You had a good one last year with Pat Hentgen.

Pat Hentgen was a great bullpen coach. A great person in general. A great pitcher, great baseball man, great Blue Jay. The opportunity work with Pat and Pat could get down on the field and experience that is only going to help him in his career. He is still going to be with the Blue Jays. He's still going to help out. He still has aspirations of working in baseball. Right now timing with his family wasn't the best, but he learned a lot down there. And we had a good time and we got a lot of things done.

You've worked with Cito, a former batting coach and now you have a former pitching coach as a manager. What's the difference?

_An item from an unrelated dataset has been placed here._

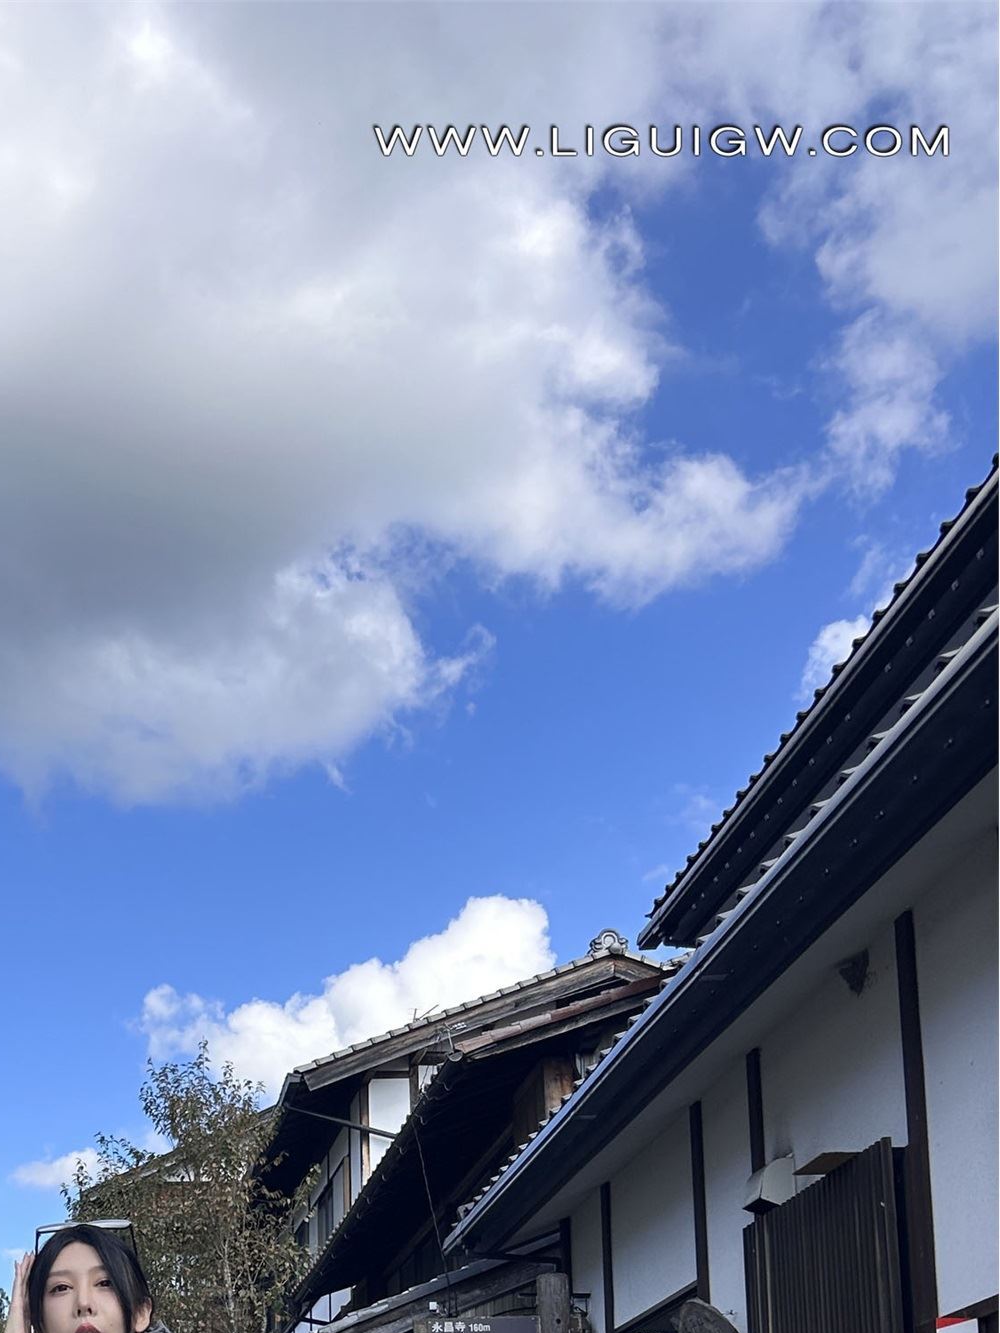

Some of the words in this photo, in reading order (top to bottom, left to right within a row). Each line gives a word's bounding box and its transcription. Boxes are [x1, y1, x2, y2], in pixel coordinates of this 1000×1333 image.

[432, 1322, 465, 1332] 永昌寺
[468, 1323, 491, 1332] 160m

You know, it's not as big a difference as people might think. Cito knew a lot about pitching, I don't think he publically said a lot about it but he did know a lot about pitching. He used to pitch when he was in high school. So, it's not that big of a deal. John, obviously, being a pitching coach for the Boston Red Sox, has a lot of insight to a lot of things, which is very valuable to me. I went up against him, when I was with the Blue Jays he was a pitching coach Red Sox, so he has a lot of ideas on how to get people out. He has a lot of ideas on how to correct things with pitchers. Maybe a little more technical, maybe a little more delivery orientated than Cito. But all-in-all, about the same when the game starts. I think that the flow of talking about pitching, in the down time, flows a little easier. Than talking to a hitter, you know, Cito's still a hitter. It's kind of funny, they don't always agree with pitchers. While John tends to have that pitching background which agrees with me a little bit more.

You have the same language.

The language is about the same but all-in-all not as big a difference as people might think.